■ The problem: Transcribe every line below exactly; no image goes into the output.

________________________________________

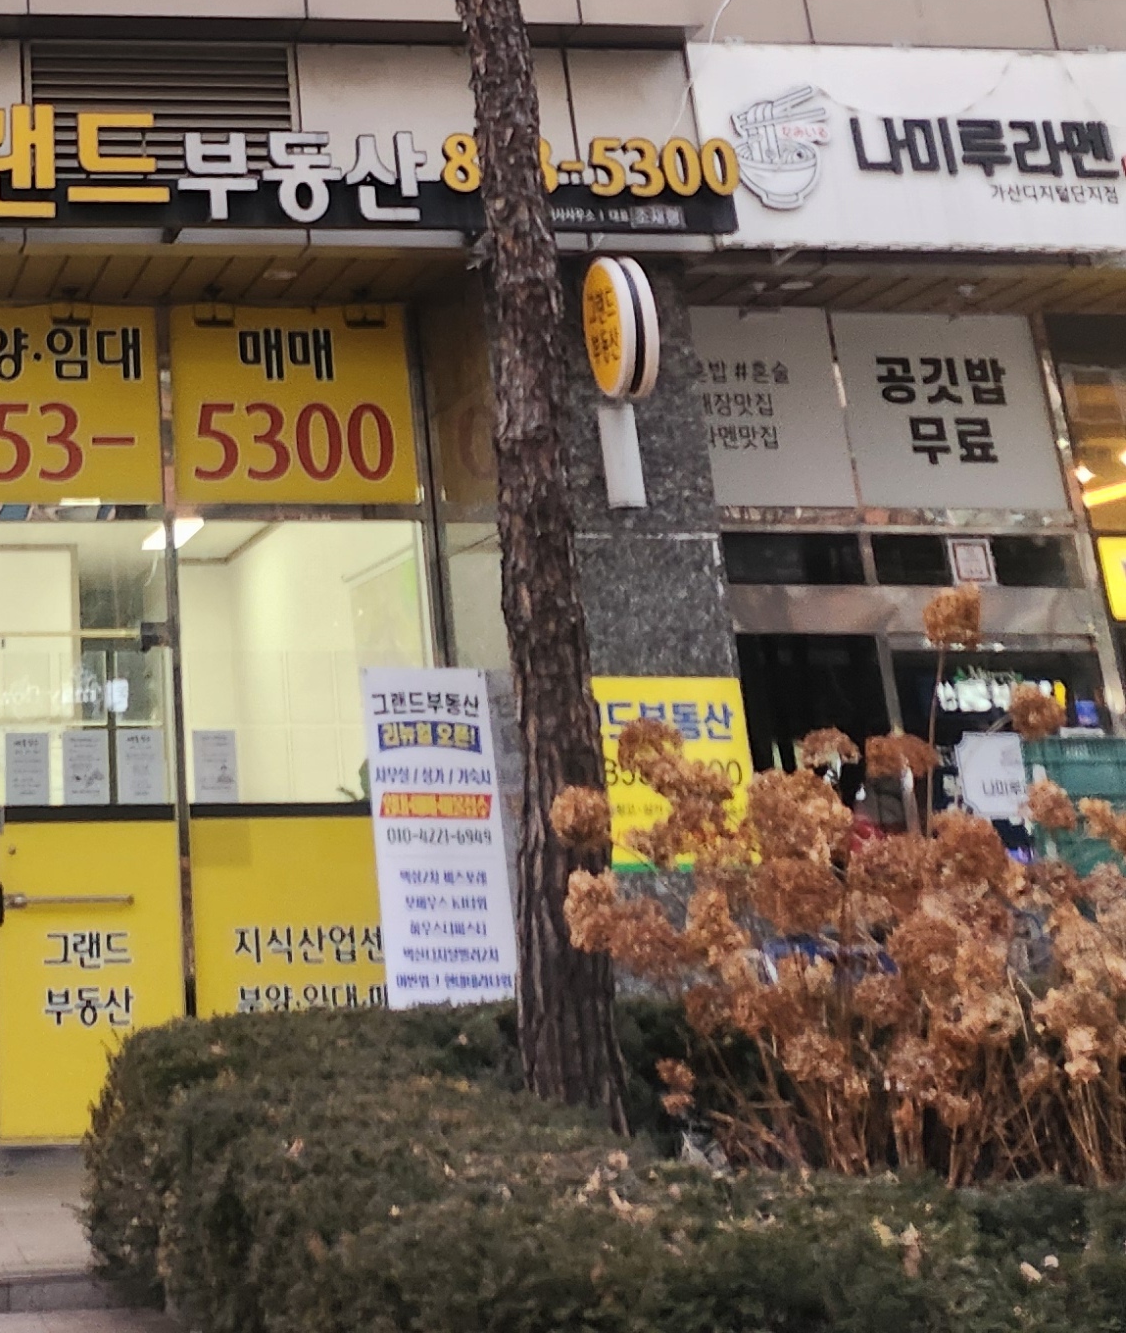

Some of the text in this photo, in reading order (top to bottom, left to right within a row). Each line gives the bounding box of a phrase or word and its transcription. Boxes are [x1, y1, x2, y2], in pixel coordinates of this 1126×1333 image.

[441, 133, 740, 197] 83-5300
[849, 116, 1120, 179] 나미루라멘
[991, 183, 1120, 205] 가산디지털단지점
[238, 328, 334, 381] 매매
[875, 356, 1008, 407] 공깃밥
[194, 402, 395, 482] 5300
[909, 416, 999, 466] 무료
[372, 691, 480, 717] 그랜드부동산
[382, 721, 432, 746] 리뉴얼
[44, 931, 132, 969] 그랜드
[44, 986, 134, 1026] 부동산
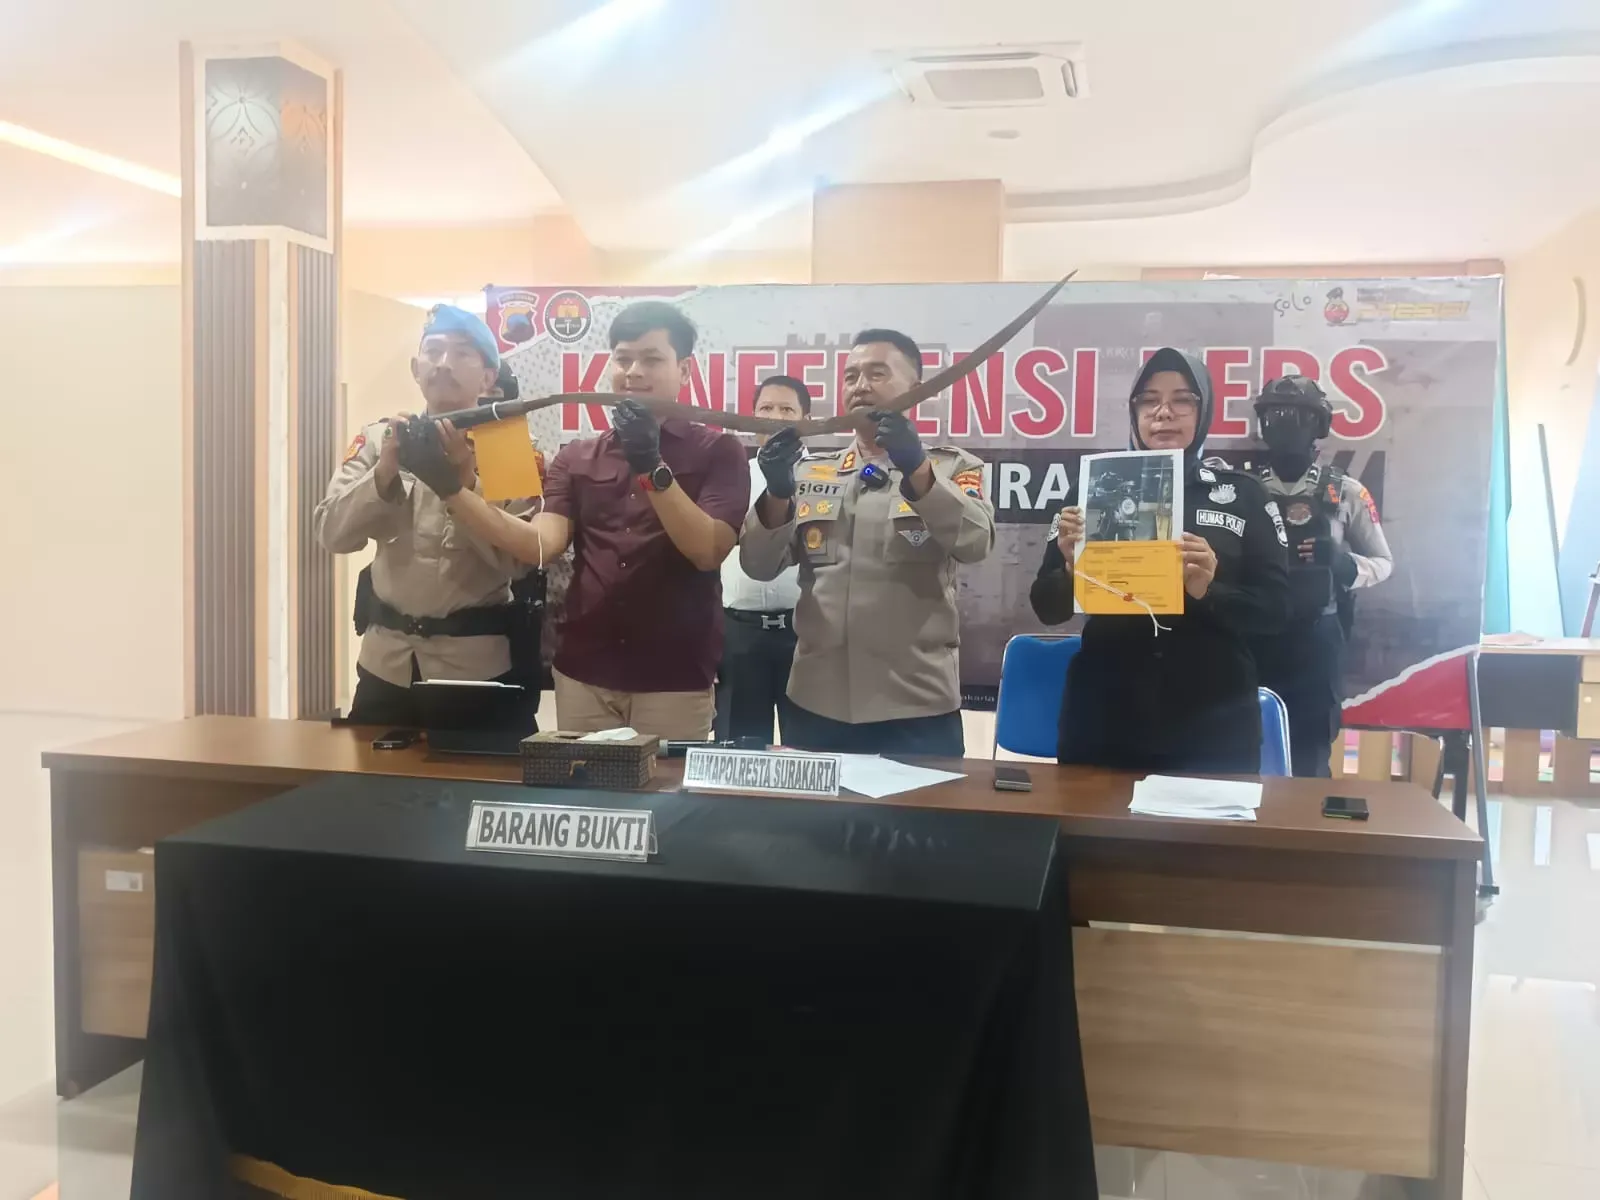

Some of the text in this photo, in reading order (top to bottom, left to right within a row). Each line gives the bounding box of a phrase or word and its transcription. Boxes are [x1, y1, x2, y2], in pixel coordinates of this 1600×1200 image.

[561, 345, 1099, 439] KNFEENSI
[773, 757, 836, 793] SURAKARTA
[479, 810, 647, 852] BARANG BUKTI
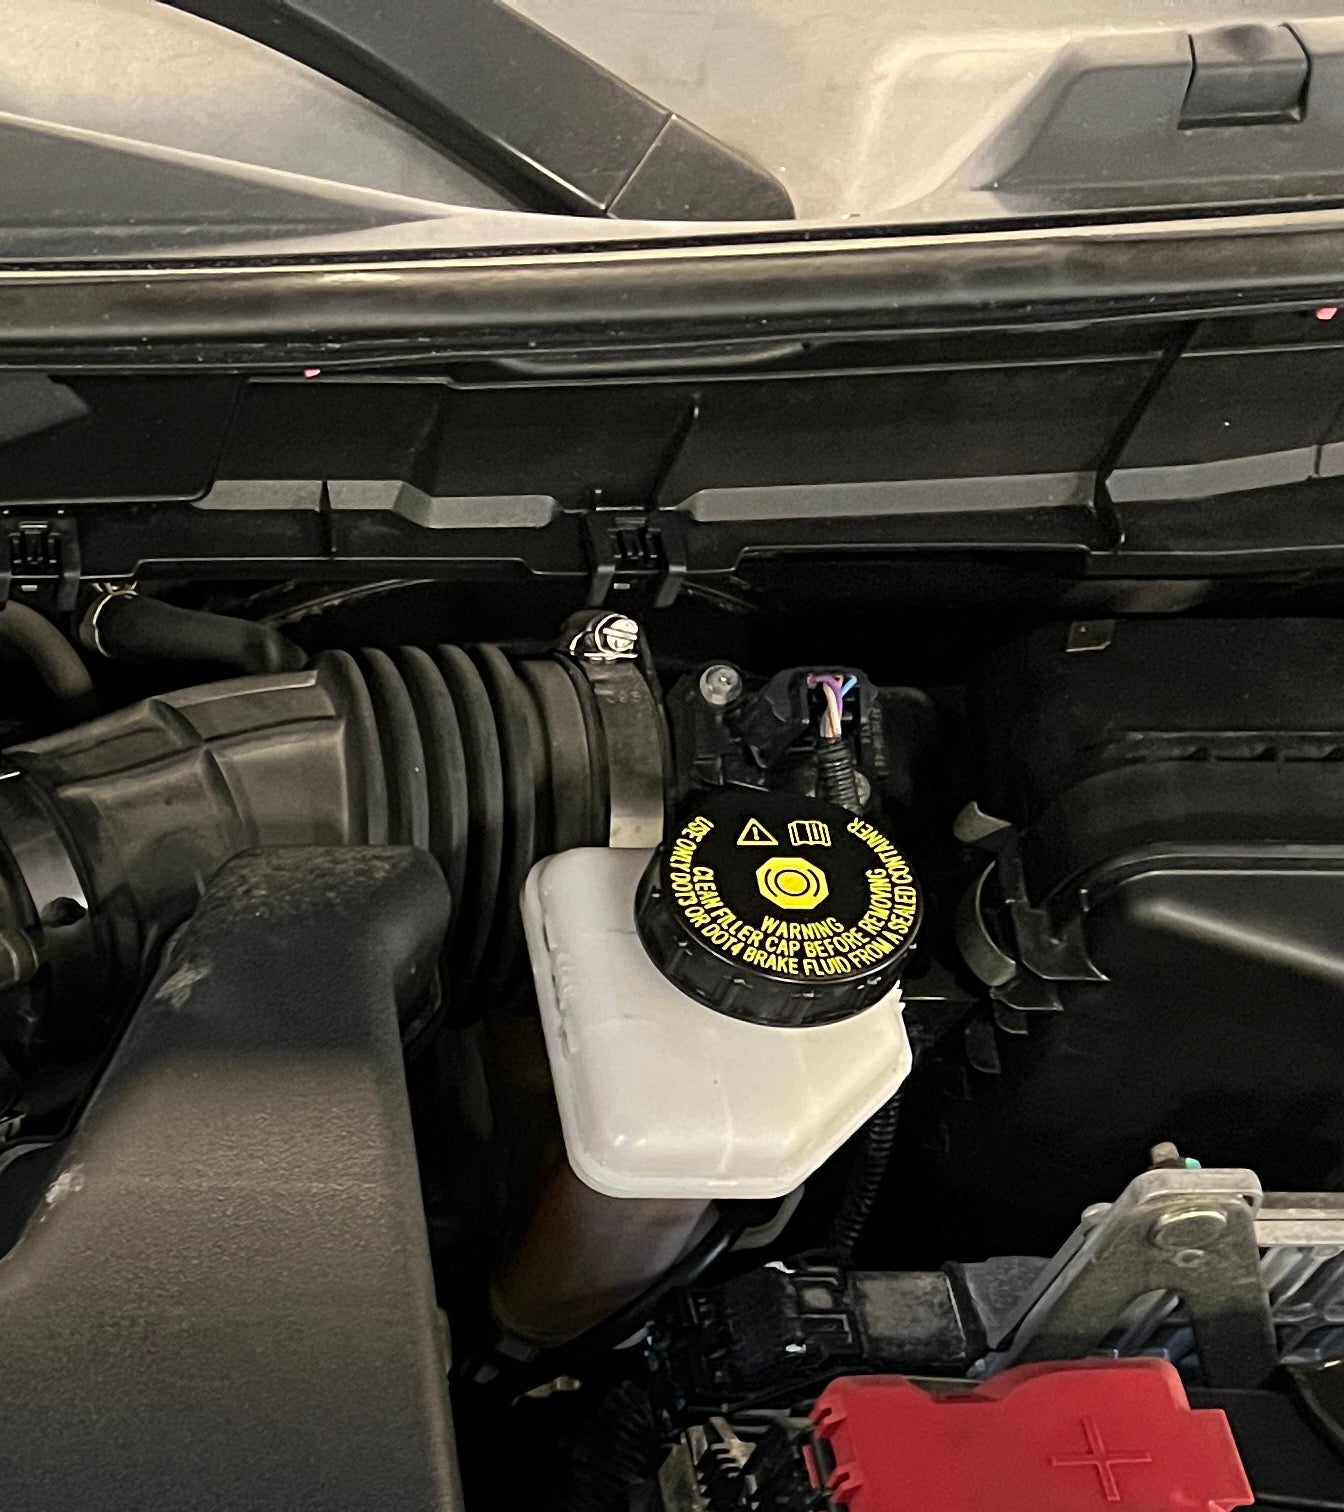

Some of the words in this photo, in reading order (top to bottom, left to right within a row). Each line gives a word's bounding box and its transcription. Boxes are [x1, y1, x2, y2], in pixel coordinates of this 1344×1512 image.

[681, 816, 715, 842] USE
[669, 838, 697, 872] ONLY
[846, 817, 913, 884] CONTAINER
[670, 872, 698, 907] DOT3
[684, 906, 711, 928] OR
[692, 866, 724, 910] CLEAN
[710, 907, 764, 947] FILLER
[765, 936, 801, 957] CAP
[803, 927, 870, 957] BEFORE
[858, 868, 892, 935] REMOVING
[888, 886, 916, 934] SEALED
[701, 923, 745, 956] DOT4
[761, 915, 844, 940] WARNING
[881, 930, 904, 945] A
[743, 946, 799, 975] BRAKE
[803, 956, 851, 976] FLUID
[848, 936, 895, 968] FROM

________________________________________

■ Exercise solution:
Some of the text in this photo, in reading order (top to bottom, left to right within a row). Each line gives the bounding box of a phrase or word and its transcription. Boxes are [x1, y1, x2, y2], in pixel coordinates of this 1126×1333 image.

[441, 133, 740, 197] 83-5300
[849, 116, 1120, 179] 나미루라멘
[991, 183, 1120, 205] 가산디지털단지점
[238, 328, 334, 381] 매매
[875, 356, 1008, 407] 공깃밥
[194, 402, 395, 482] 5300
[909, 416, 999, 466] 무료
[372, 691, 480, 717] 그랜드부동산
[382, 721, 432, 746] 리뉴얼
[44, 931, 132, 969] 그랜드
[44, 986, 134, 1026] 부동산

Some of the text in this photo, in reading order (top to bottom, left to right within a row). Each line gives the bounding box of a phrase or word and its transcription. Boxes are [x1, y1, x2, y2], in pixel coordinates of this 1600×1200 image.

[561, 345, 1099, 439] KNFEENSI
[773, 757, 836, 793] SURAKARTA
[479, 810, 647, 852] BARANG BUKTI

Some of the words in this photo, in reading order (top to bottom, left to right within a row). Each line gives a word's bounding box and its transcription. Boxes are [x1, y1, x2, y2], in pixel coordinates of this 1344×1512 image.

[681, 816, 715, 842] USE
[669, 838, 697, 872] ONLY
[846, 817, 913, 884] CONTAINER
[670, 872, 698, 907] DOT3
[684, 906, 711, 928] OR
[692, 866, 724, 910] CLEAN
[710, 907, 764, 947] FILLER
[765, 936, 801, 957] CAP
[803, 927, 870, 957] BEFORE
[858, 868, 892, 935] REMOVING
[888, 886, 916, 934] SEALED
[701, 923, 745, 956] DOT4
[761, 915, 844, 940] WARNING
[881, 930, 904, 945] A
[743, 946, 799, 975] BRAKE
[803, 956, 851, 976] FLUID
[848, 936, 895, 968] FROM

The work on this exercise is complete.